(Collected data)

- - - - -

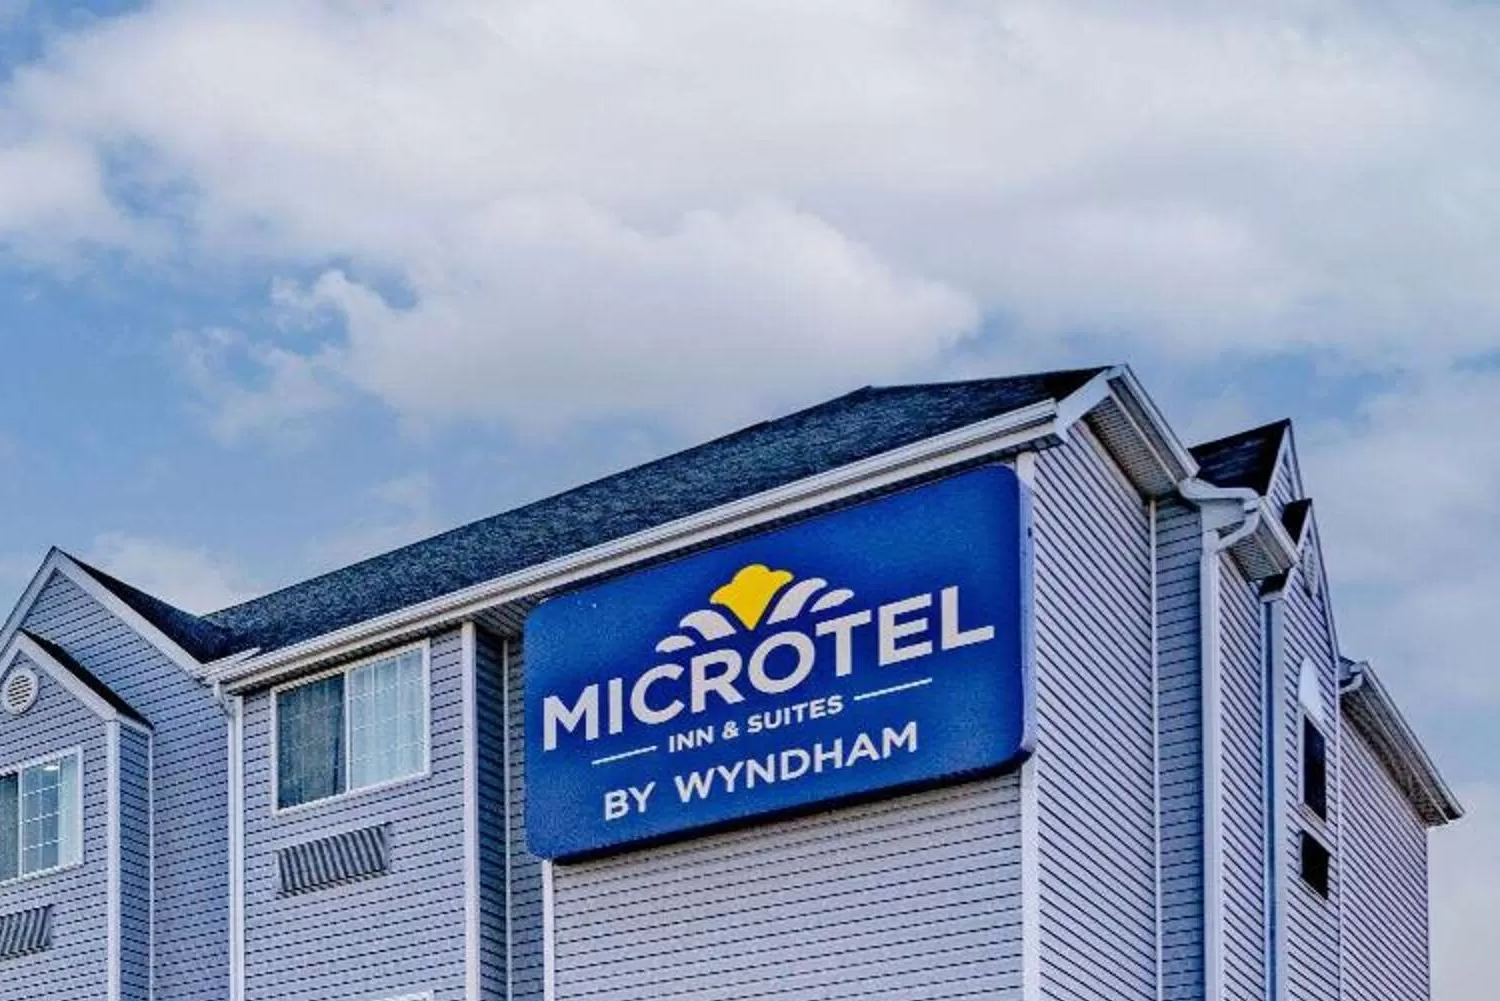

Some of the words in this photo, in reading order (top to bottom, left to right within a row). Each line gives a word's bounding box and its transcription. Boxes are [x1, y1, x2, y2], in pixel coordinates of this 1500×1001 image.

[542, 585, 996, 752] MICROTEL
[604, 782, 657, 822] BY
[674, 721, 919, 803] WYNDHAM
[668, 725, 715, 753] INN
[722, 721, 740, 741] &
[747, 695, 844, 733] SUITES
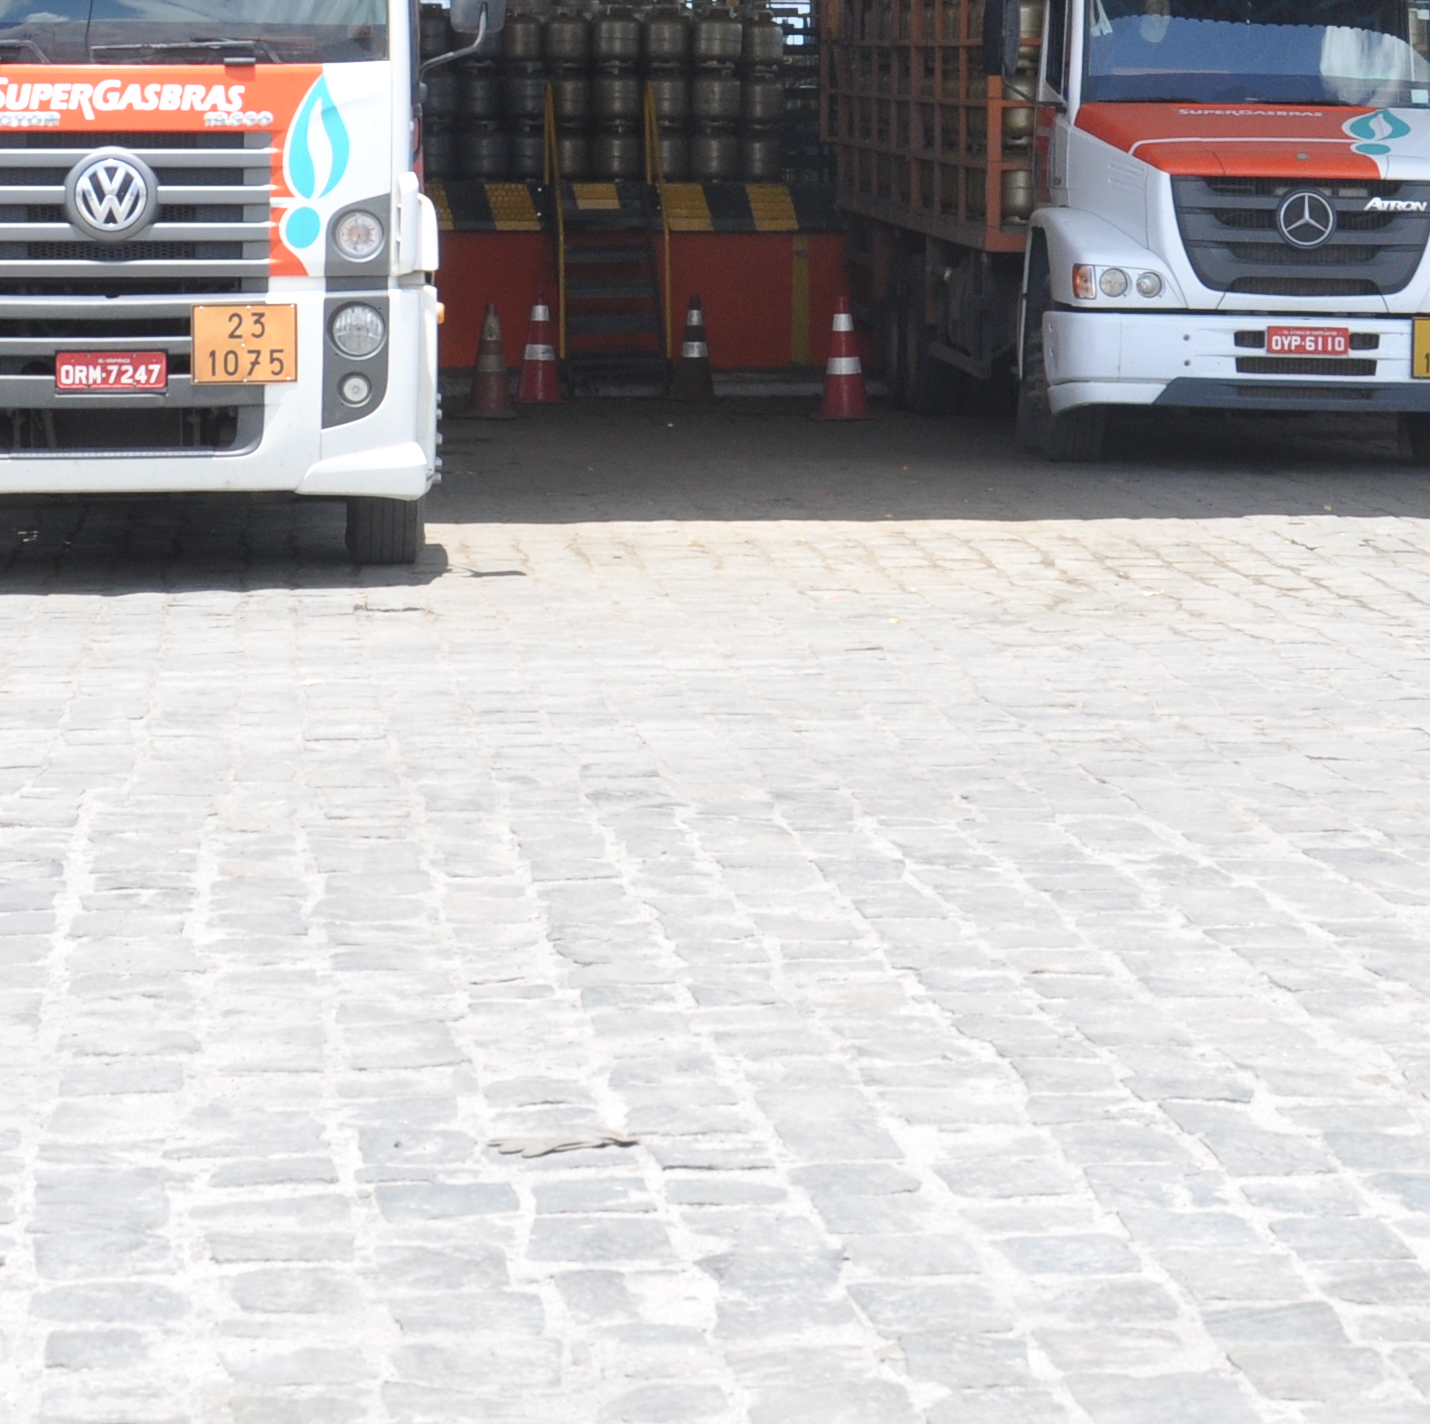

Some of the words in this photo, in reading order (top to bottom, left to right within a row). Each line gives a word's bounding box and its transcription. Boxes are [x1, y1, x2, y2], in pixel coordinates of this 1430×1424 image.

[1363, 196, 1428, 212] ATRON
[227, 312, 266, 339] 23
[208, 348, 285, 377] 1075

- - - - -

§ About this task: No pictures belong in the copy. Repeat the entries exactly.

§ Reply:
Some of the words in this photo, in reading order (top to bottom, left to right within a row). Each line gives a word's bounding box and its transcription. Boxes are [x1, y1, x2, y2], in pixel coordinates of this 1500×1001 image.

[542, 585, 996, 752] MICROTEL
[604, 782, 657, 822] BY
[674, 721, 919, 803] WYNDHAM
[668, 725, 715, 753] INN
[722, 721, 740, 741] &
[747, 695, 844, 733] SUITES

Some of the words in this photo, in reading order (top to bottom, left to right within a row). Each line gives a word's bounding box and its transcription. Boxes are [x1, y1, x2, y2], in pixel coordinates of this 1430×1424 image.

[1363, 196, 1428, 212] ATRON
[227, 312, 266, 339] 23
[208, 348, 285, 377] 1075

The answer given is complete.